Therefore, only the measured value of the voltage phase difference θp1-p3 of the R load among the second measured value input from the electronic watt-hour meter 2 by the measured value inputting means 21 by the comparison result of the comparing means 25, or C Only the measured value of the voltage phase difference θp1-p3 of the load is ± of each value corresponding to the measured value in the combination of the second theoretical values (not shown) defined in the table for the connection state with the above-mentioned incorrect connection. When it is out of the range of 10%, the determination unit 26 determines that the combination of the second theoretical values has each value that matches the combination of the measurement values input by the measurement value input unit 21. In this case, the discriminating means 26 determines the connection state of the wiring connected to the electronic watt-hour meter 2 as the wiring connection between the output terminal 1u and the output terminal 1v of the VT and the wiring connection between the 1S terminal and the 1L terminal. A connection state having the above-mentioned incorrect connection is specified.

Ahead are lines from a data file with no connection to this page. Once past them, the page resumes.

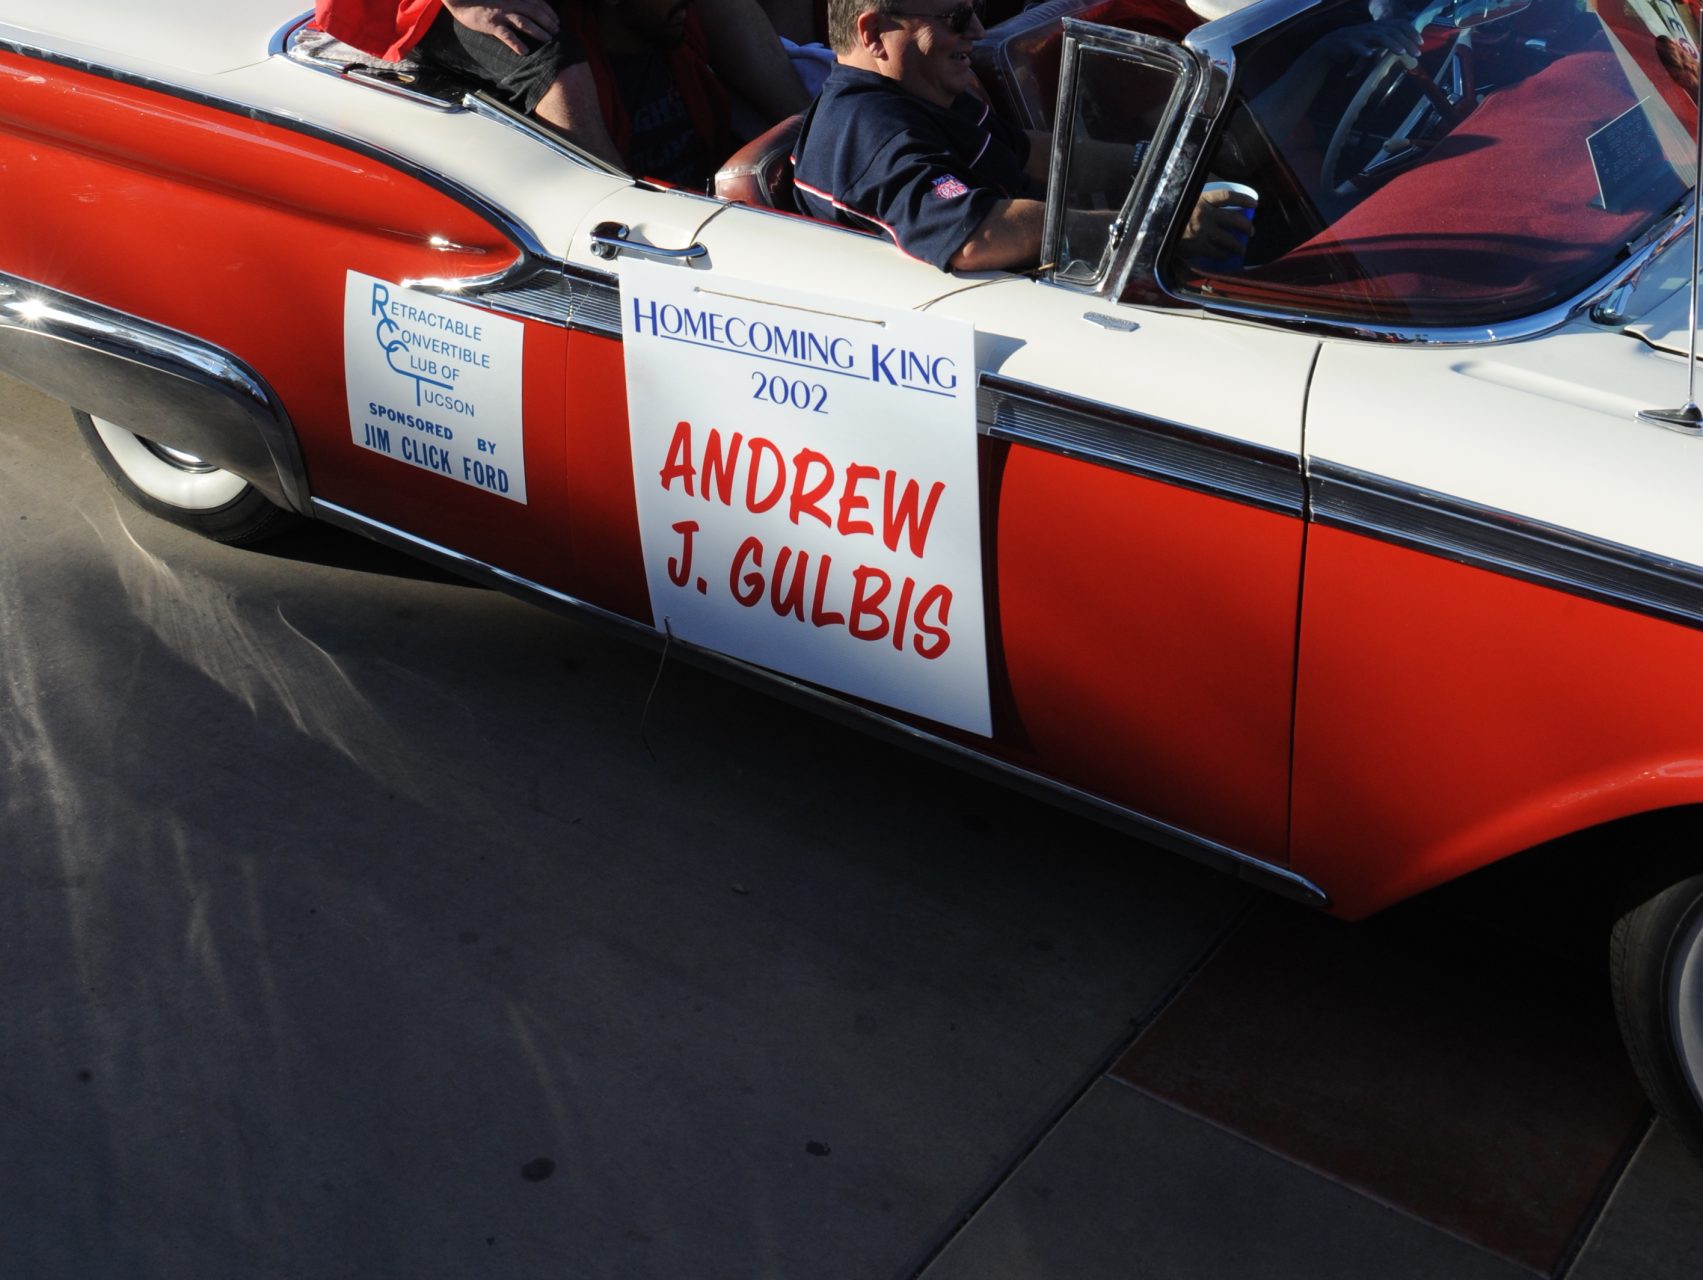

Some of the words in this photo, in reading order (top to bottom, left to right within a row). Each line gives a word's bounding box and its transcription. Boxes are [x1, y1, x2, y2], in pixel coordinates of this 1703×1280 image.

[371, 283, 482, 342] RETRACTABLE
[377, 318, 491, 369] CONVERTIBLE
[633, 297, 855, 369] HOMECOMING
[871, 344, 957, 389] KING
[441, 365, 460, 382] OF
[751, 371, 829, 414] 2002
[369, 402, 453, 441] SPONSORED
[477, 438, 496, 455] BY
[365, 423, 391, 454] JIM
[402, 436, 452, 475] CLICK
[463, 457, 509, 494] FORD
[659, 421, 947, 559] ANDREW
[667, 521, 708, 596] J.
[729, 536, 953, 660] GULBIS

Table No. EA3 has a table No. Erroneous connection of the voltage circuit wiring specified in E1 and table No. It is specified that there is an erroneous connection that is a combination of the erroneous connection of the current circuit wiring specified in A2. That is, the wiring shown by the broken line in the connection diagram and the wiring connection between the output terminal 1u of the VT and the output terminal 1v are switched as shown by the italicized bold type in the connection terminal correspondence table, and the P1 terminal is the output terminal of the VT. Where it should be connected to 1u, it is erroneously connected to the output terminal 1v, and the P2 terminal is erroneously connected to the output terminals 1u, 3u and G where it should be connected to the output terminals 1v, 3u and G of the VT. Further, the wiring connection between the 3S terminal and the 3L terminal is exchanged, and the 3S terminal should be connected to the output terminal 3K of the CT, but is erroneously connected to the output terminals 3L and G, and the 3L terminal is connected to the output terminals 3L and G of the CT. Where it should be done, it is erroneously connected to the output terminal 3K.

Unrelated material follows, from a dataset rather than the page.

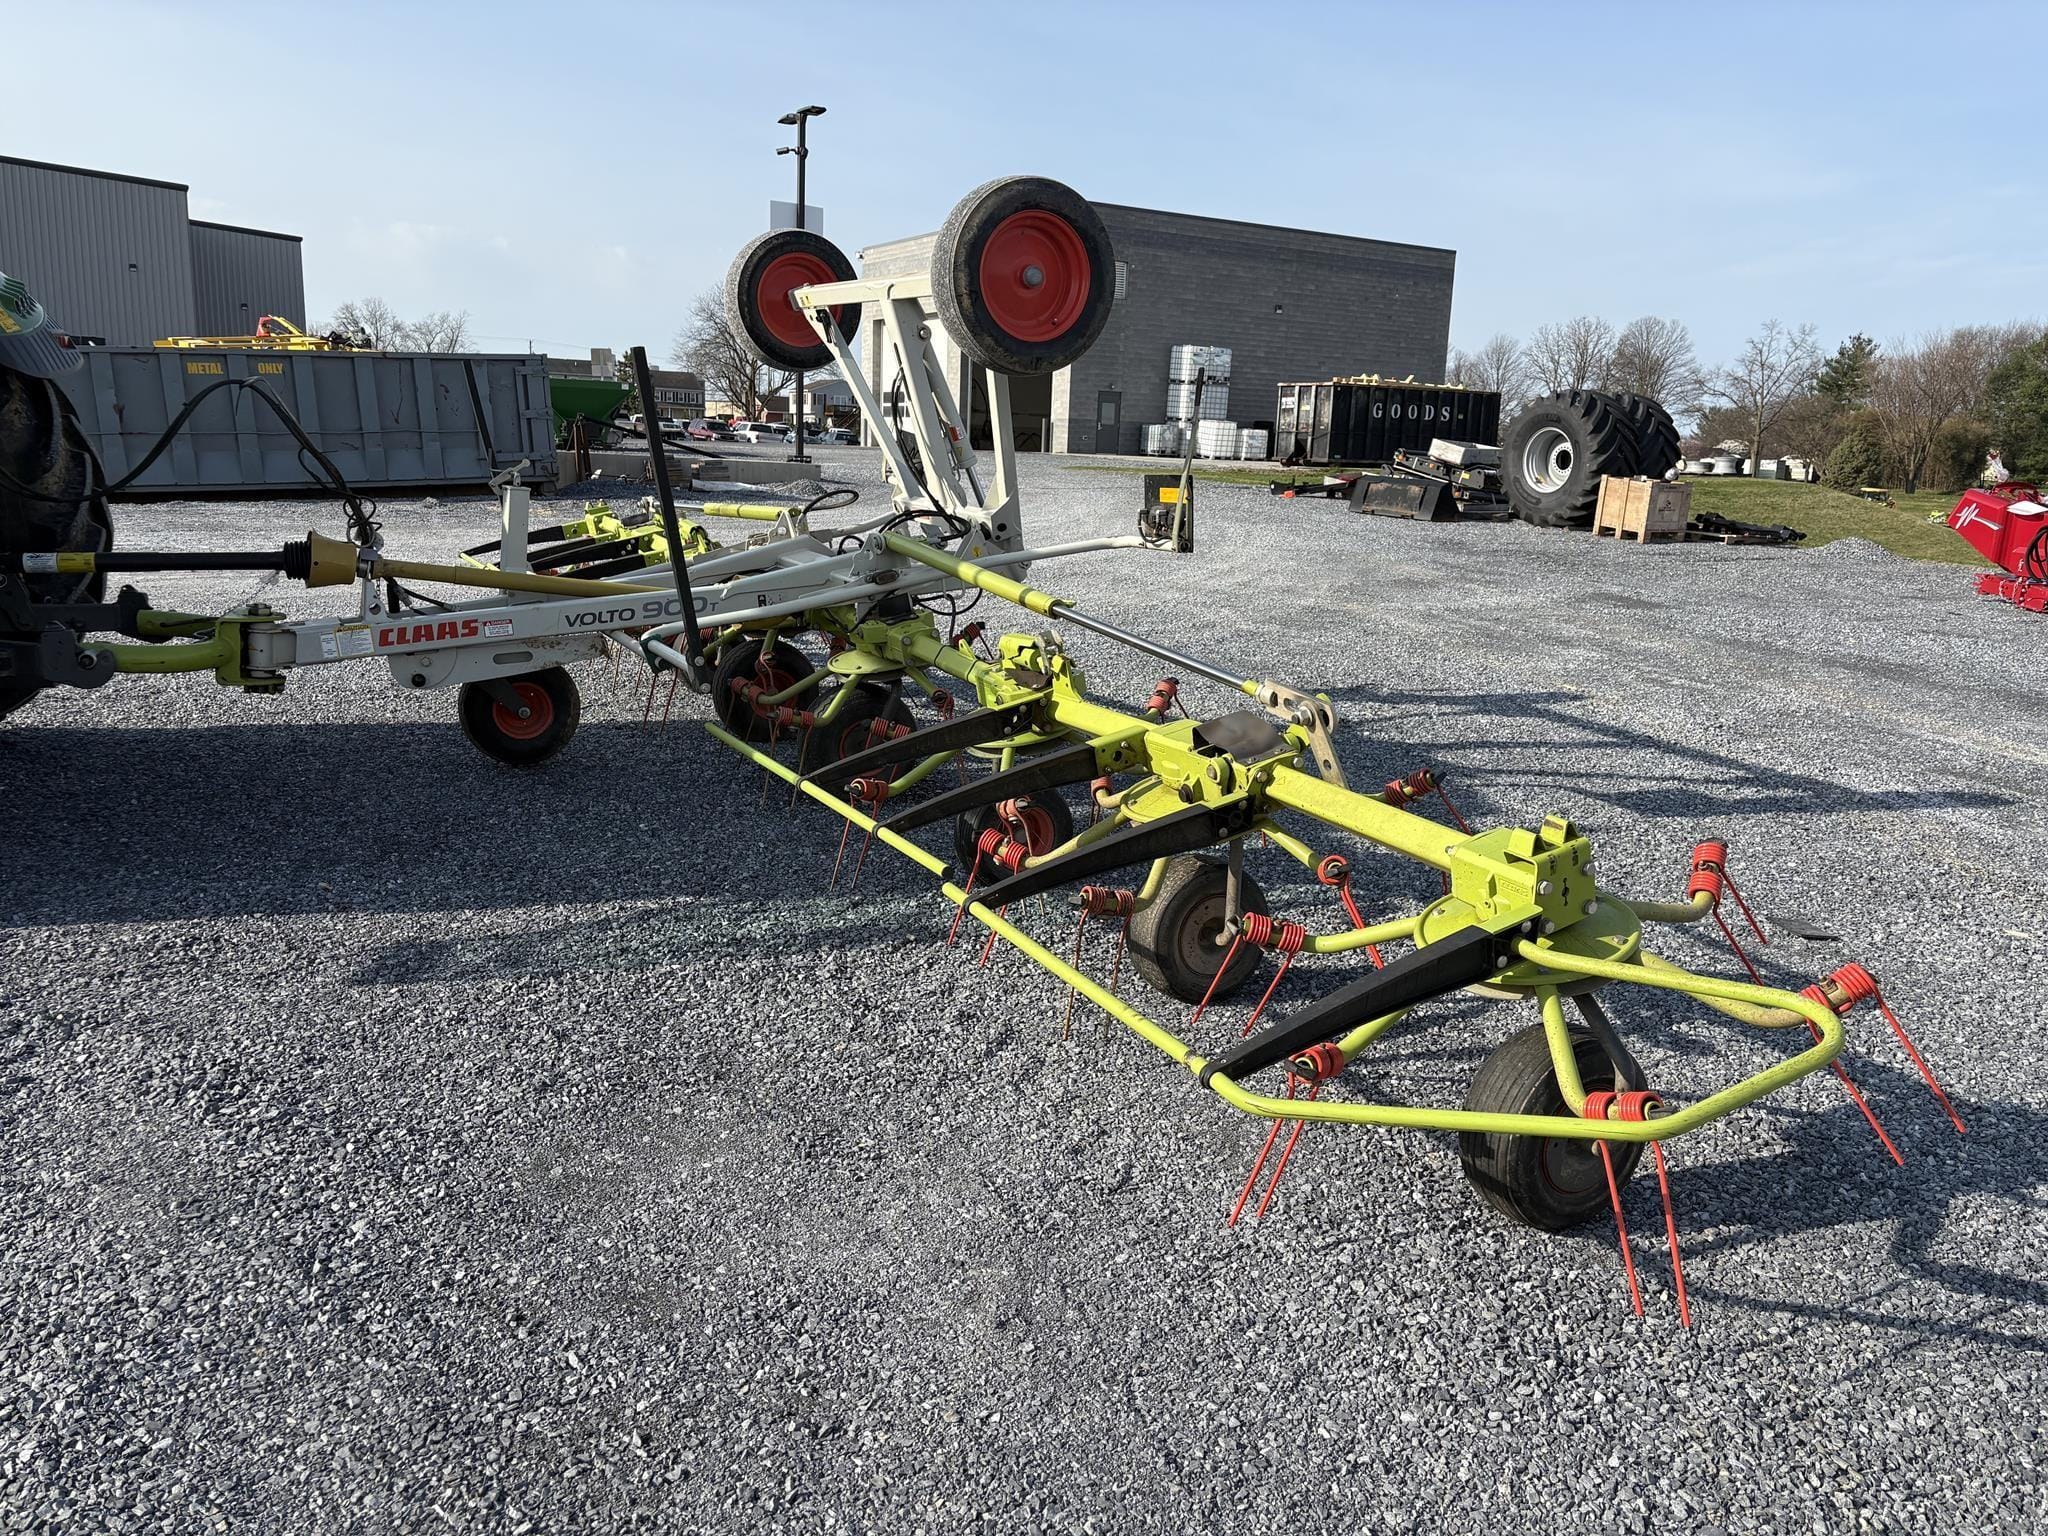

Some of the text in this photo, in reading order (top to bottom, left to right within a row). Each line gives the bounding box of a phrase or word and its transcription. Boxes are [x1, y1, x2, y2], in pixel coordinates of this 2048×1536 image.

Table No. The measurement results lined up in EA3 are measured by the measured value input means 21 when the wiring connection between the output terminal 1u and the output terminal 1v of the VT and the wiring connection between the 3S terminal and the 3L terminal are incorrect. It is the value input from the total 2. Of these values, the 1-side active power W1, 1-side reactive power var1, 3-side active power W3, 3-side reactive power var3, and voltage phase difference θp1-p3 of the R load, which are indicated by bold italics in the figure, are shown. And all the measured values of the C-load 1-side active power W1, 1-side reactive power var1, 3-side active power W3, 3-side reactive power var3, and voltage phase difference θp1-p3, ±10 of each value corresponding to each measured value among the respective values of the combination of the second theoretical values (not shown) defined for the connection state having the above-mentioned incorrect connection in the table created by the table creating means 24. It is outside the range of %.

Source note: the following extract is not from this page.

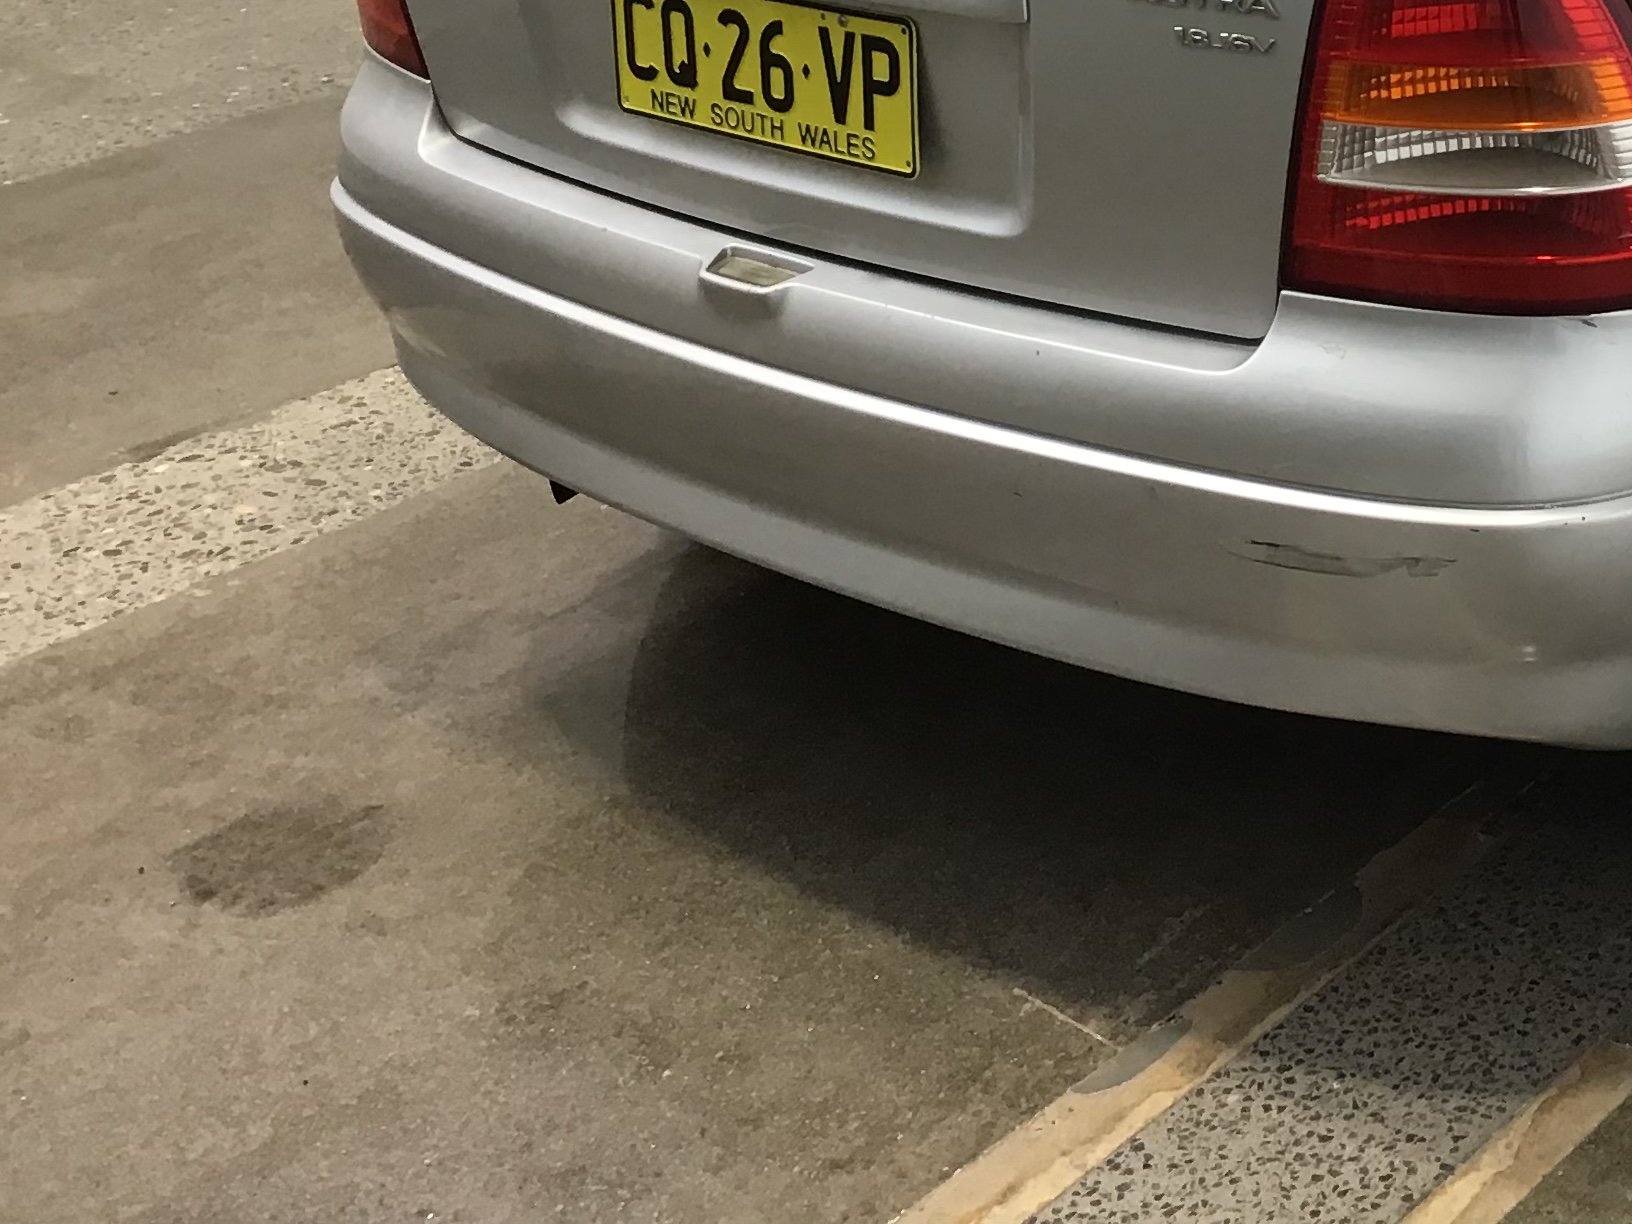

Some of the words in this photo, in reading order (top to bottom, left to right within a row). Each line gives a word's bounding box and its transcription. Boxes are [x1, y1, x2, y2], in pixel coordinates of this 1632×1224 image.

Therefore, among the comparison results of the comparison means 25 and the second measurement values input from the electronic watt-hour meter 2 by the measurement value input means 21, all measurement values of R load or all measurement values of C load. Is out of the range of ±10% of each value corresponding to each measured value in the combination of the second theoretical values (not shown) defined in the table for the connection state having the above-mentioned erroneous connection, the determination means 26 determines that the combination of the second theoretical values has each value matching the combination of the measurement values input by the measurement value input means 21. In this case, the determination means 26 determines the connection state of the wiring connected to the electronic watt-hour meter 2 as the wiring connection between the output terminal 1u and the output terminal 1v of the VT and the wiring connection between the 3S terminal and the 3L terminal. A connection state having the above-mentioned incorrect connection is specified.

It should be noted that the combination of the respective values of the second measured value input from the electronic watt-hour meter 2 by the measured value input means 21 does not correspond to the erroneous connection state on a one-to-one basis and is the same for the two erroneous connection states. It may be a combination of measurement results. In this case, since the wiring connection state cannot be discriminated, it is necessary to narrow down the investigation to one of the erroneous connection states, measure it again, and confirm it.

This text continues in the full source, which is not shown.